General characteristics
- Type: Cruise ship
- Tonnage: 7,662 GRT
- Length: 121.49 m (398 ft 7 in)
- Beam: 17.48 m (57 ft 4 in)
- Draught: 4.5 m (14 ft 9 in)
- Depth: 9 m (29 ft 6 in)
- Propulsion: 2 × Pielstick 8PC2-5L-400 diesel engines, 7,650 kW (10,259 hp)
- Speed: 16.5 knots (30.6 km/h; 19.0 mph)
- Capacity: 328 passengers

= Rochdale One =

Former cruise ship, wrecked in 2013

M/V Rochdale One was a cruise ship built by the French shipyard Ateliers et Chantiers Dubigeon-Normandie at Nantes in 1977 for the Soviet Union. As the Ayvasovskiy (Айвазовский) she was operated by the Danube Shipping Company, mainly in the Black Sea and the Mediterranean. At around , with a length of 121.5 m and a draught of 4.5 m, she was small for a cruise ship and carried only 328 passengers.

In 1997, she was chartered by German company Phoenix Reisen, and renamed Carina.
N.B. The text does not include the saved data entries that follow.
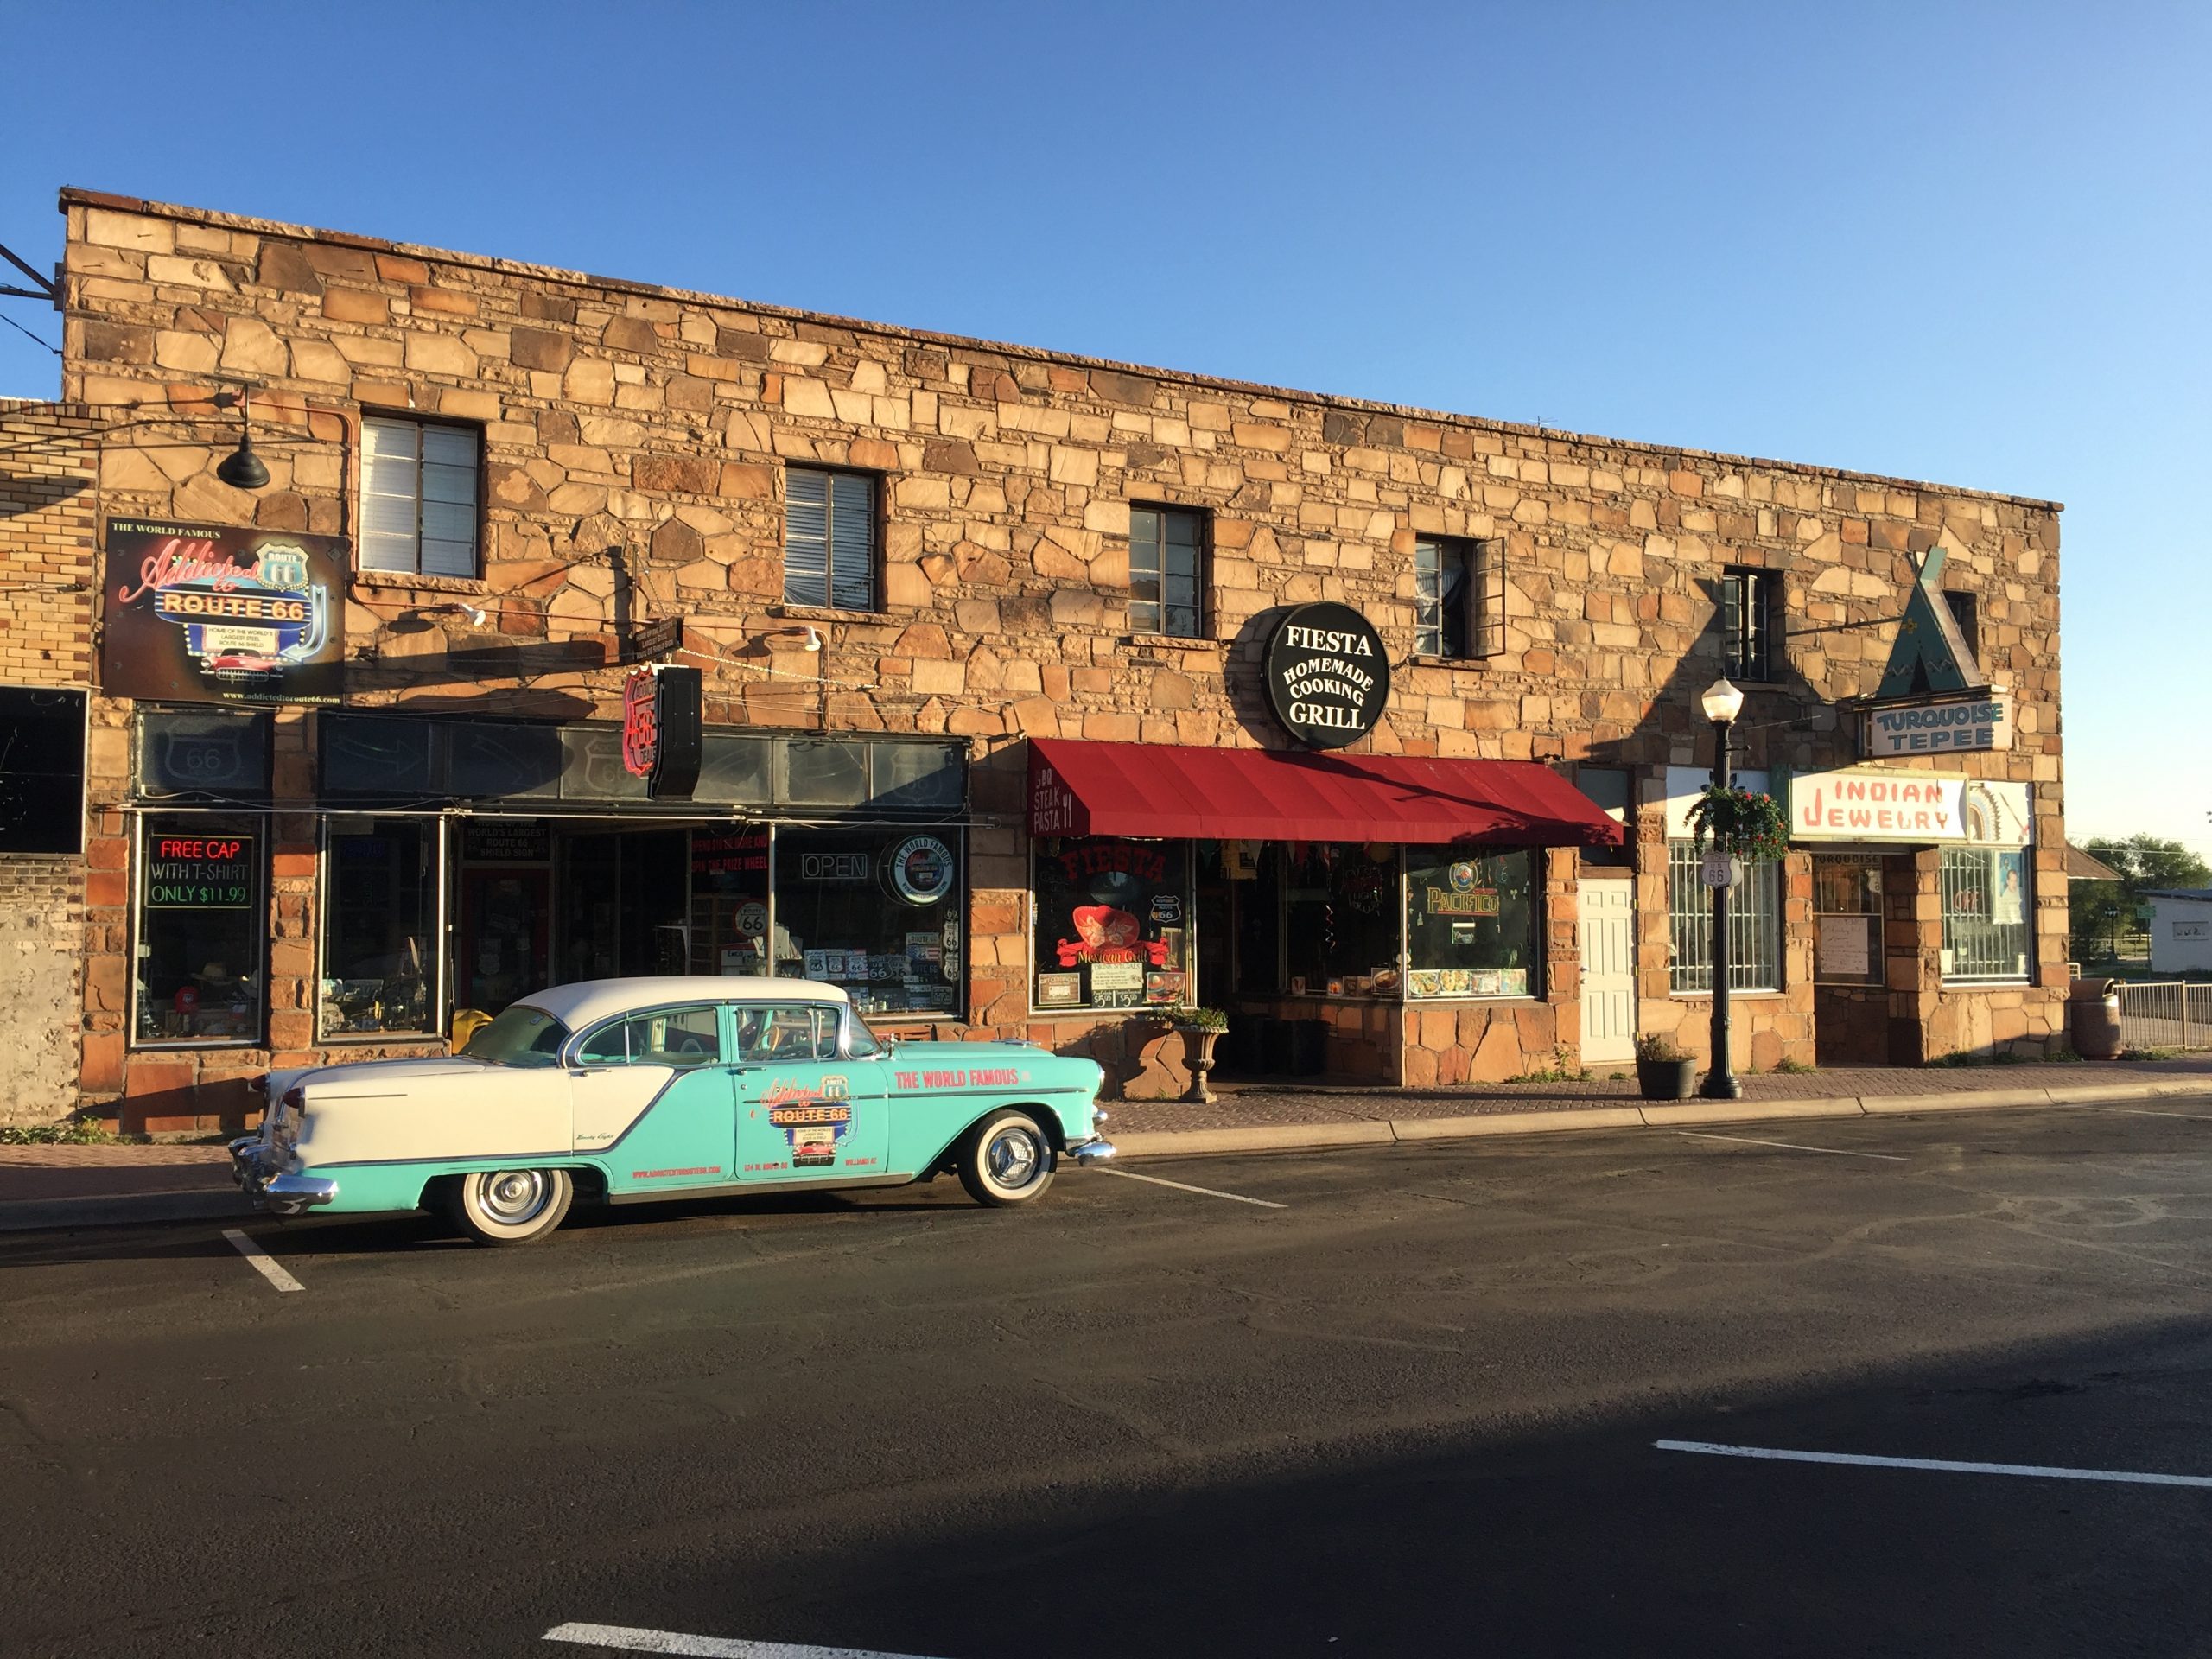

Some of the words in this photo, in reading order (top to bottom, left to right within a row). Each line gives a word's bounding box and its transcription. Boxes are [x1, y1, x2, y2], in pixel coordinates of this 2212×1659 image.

[111, 522, 134, 532] THE
[137, 524, 175, 535] WORLD
[178, 528, 221, 539] FAMOUS
[268, 552, 297, 562] ROUTE
[118, 538, 260, 603] Addicted
[270, 564, 296, 584] 66
[162, 593, 263, 619] ROUTE
[270, 601, 304, 621] 66
[1285, 625, 1374, 657] FIESTA
[1282, 658, 1374, 692] HOMEMADE
[222, 692, 340, 704] www.addictedtoroute66.com
[1289, 678, 1364, 707] COOKING
[1289, 702, 1365, 730] GRILL
[1876, 702, 2004, 732] TURQUOISE
[1888, 728, 1994, 750] TEPEE
[1034, 786, 1060, 810] STEAK
[1834, 780, 1942, 803] INDIAN
[1803, 787, 1949, 830] JEWELRY
[1034, 809, 1060, 835] PASTA
[486, 837, 517, 847] ROUTE
[509, 829, 547, 837] LARGEST
[161, 840, 203, 858] FREE
[207, 841, 241, 859] CAP
[896, 852, 906, 868] THE
[904, 838, 928, 855] WORLD
[930, 840, 953, 868] FAMOUS
[744, 855, 768, 871] WHEEL
[805, 855, 865, 877] OPEN
[1058, 844, 1166, 882] FIESTA
[1814, 854, 1881, 865] TURQUOISE
[150, 862, 189, 880] WITH
[193, 863, 248, 880] T-SHIRT
[1708, 869, 1724, 883] 66
[151, 885, 196, 902] ONLY
[1427, 887, 1500, 913] PACIFICO
[743, 916, 764, 931] 66
[1160, 911, 1173, 919] 66
[946, 936, 957, 947] 66
[1077, 950, 1122, 964] Mexican
[1125, 949, 1148, 963] Grill
[869, 968, 887, 978] 66
[947, 967, 957, 978] 66
[894, 1071, 920, 1090] THE
[922, 1070, 966, 1089] WORLD
[969, 1068, 1019, 1087] FAMOUS
[772, 1109, 826, 1122] ROUTE
[830, 1109, 849, 1121] 66
In 2000, she was sold and renamed Primexpress Island, sailing out of Cyprus as a floating casino. However, in 2001 the ship was arrested at the port of Limassol because of unpaid bills.
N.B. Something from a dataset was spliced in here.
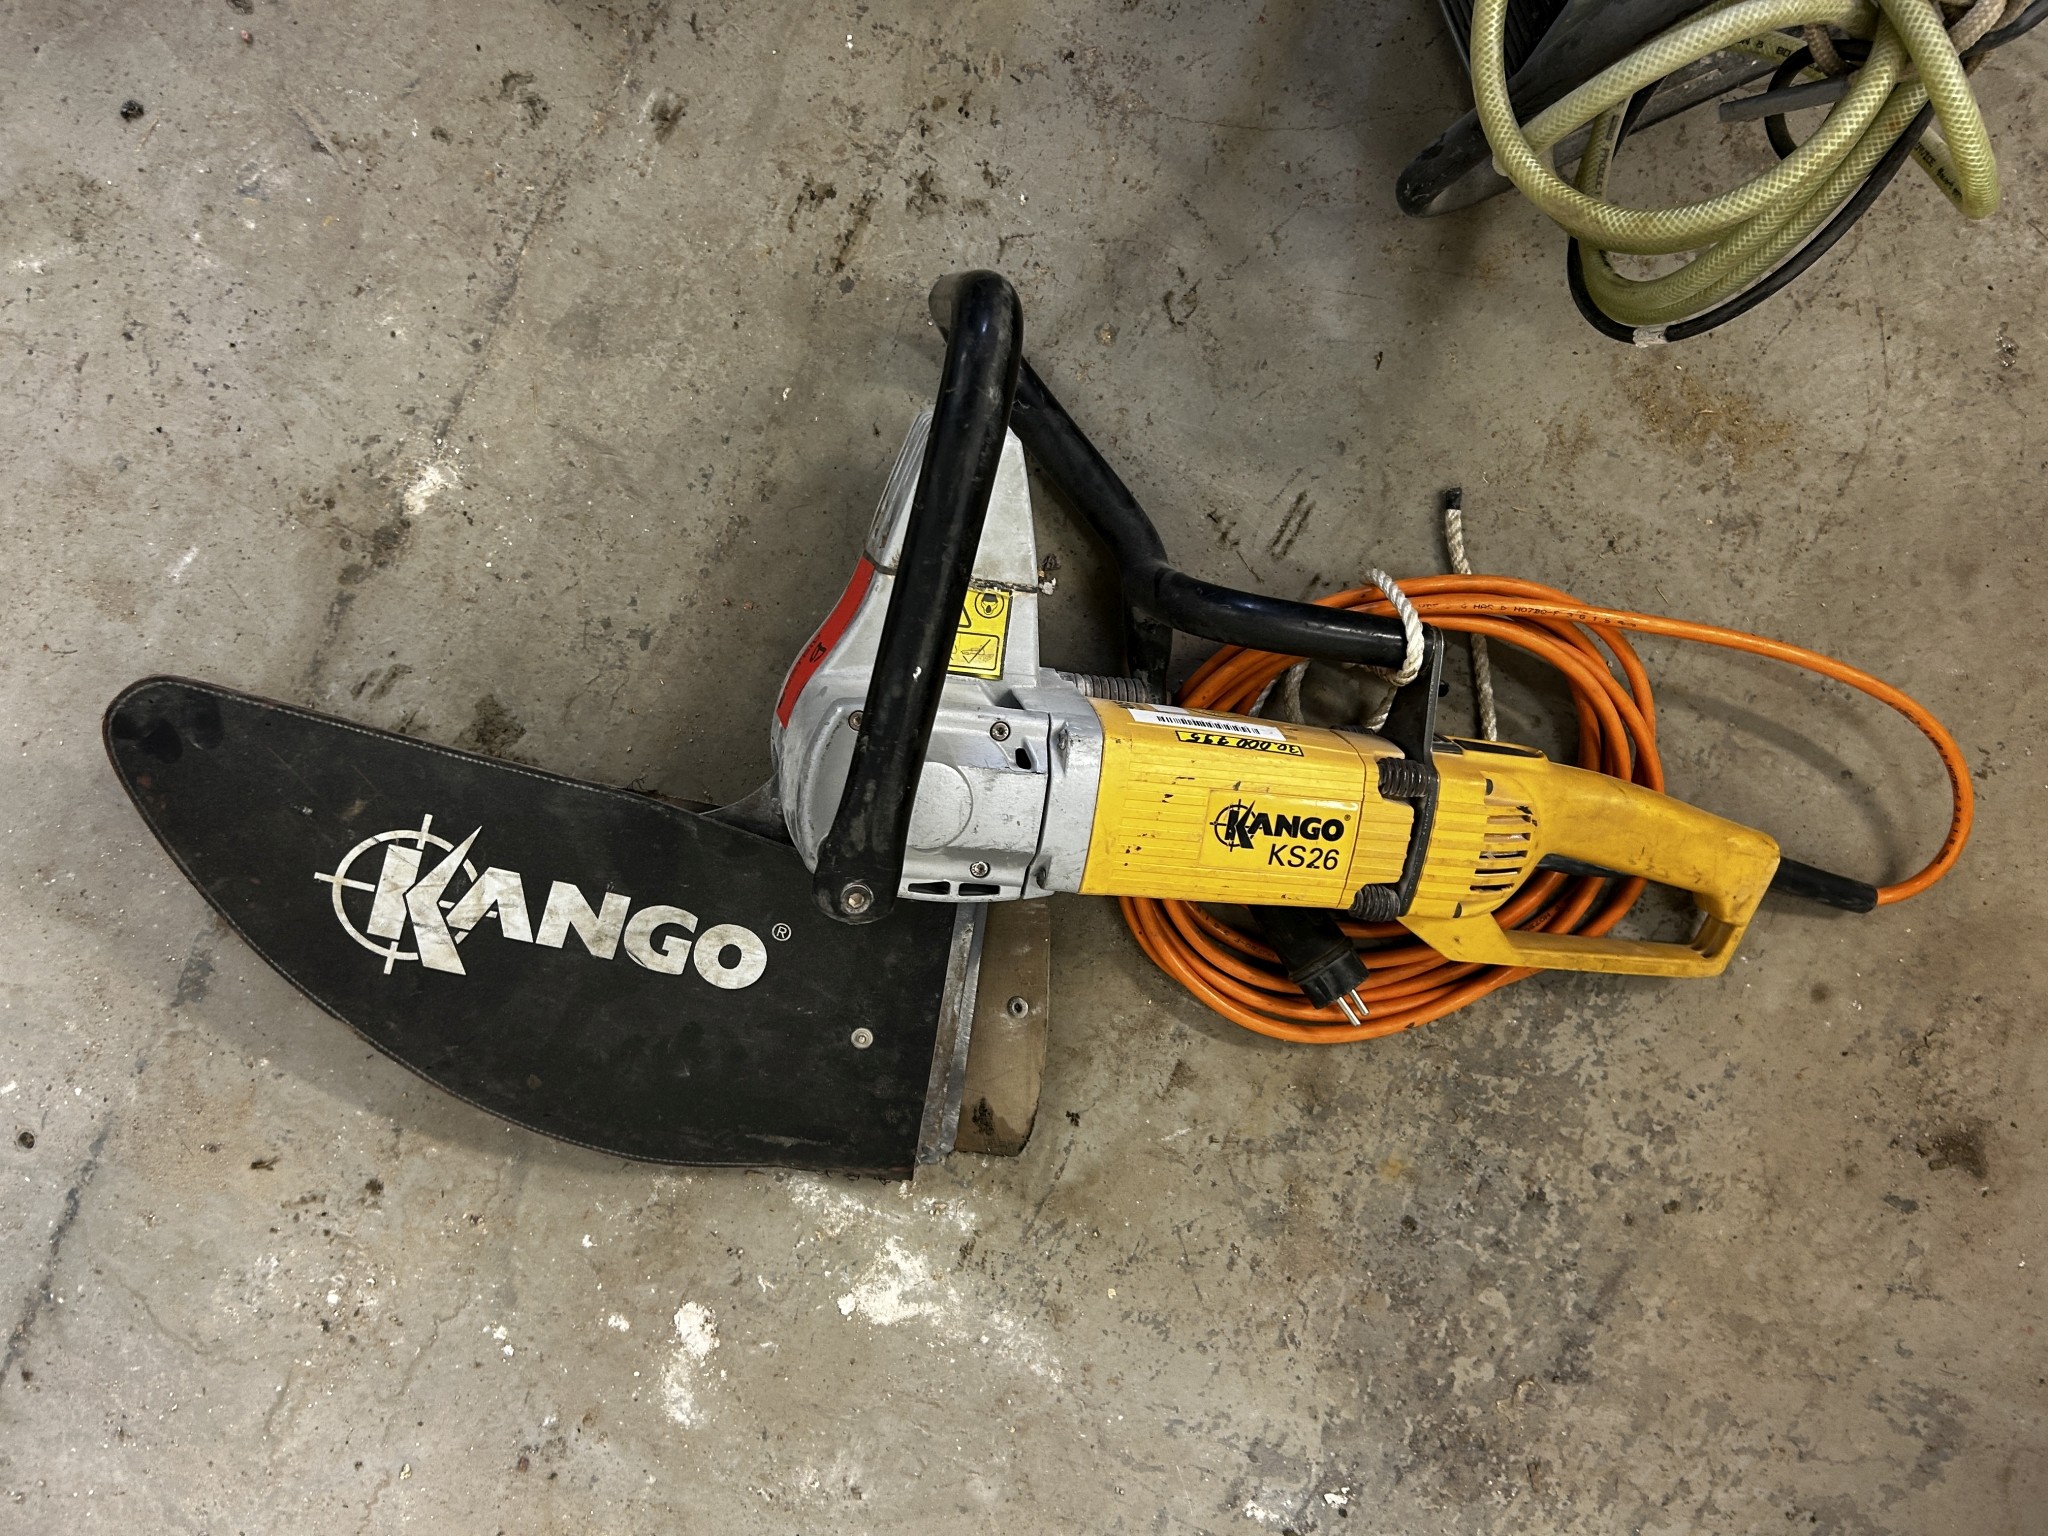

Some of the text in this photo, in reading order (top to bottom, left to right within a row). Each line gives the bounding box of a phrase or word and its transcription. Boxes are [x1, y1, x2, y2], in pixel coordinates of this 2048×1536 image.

Eventually the ship was acquired by three Dutch housing associations; Algemene Woningbouw Vereniging (AWV), DUWO, and Woningstichting Rochdale, who agreed to cooperate in order to alleviate the extreme shortage of student accommodation in Amsterdam. The ship was towed to Greece to be converted into an accommodation vessel before sailing to Amsterdam, arriving there on 8 July 2004. Renamed Rochdale One, she was used at Amsterdam from 2004 until 2009 as a home for 194 students. The ship was then laid up until August 2011, when she was towed to 's-Gravendeel, Netherlands, before being sold to a Lebanese company. In February 2012, she was towed to Tripoli, Lebanon.

In July 2013, after a failed attempt to sell the ship to Russian buyers, she sailed to Aliağa, Turkey, to be scrapped.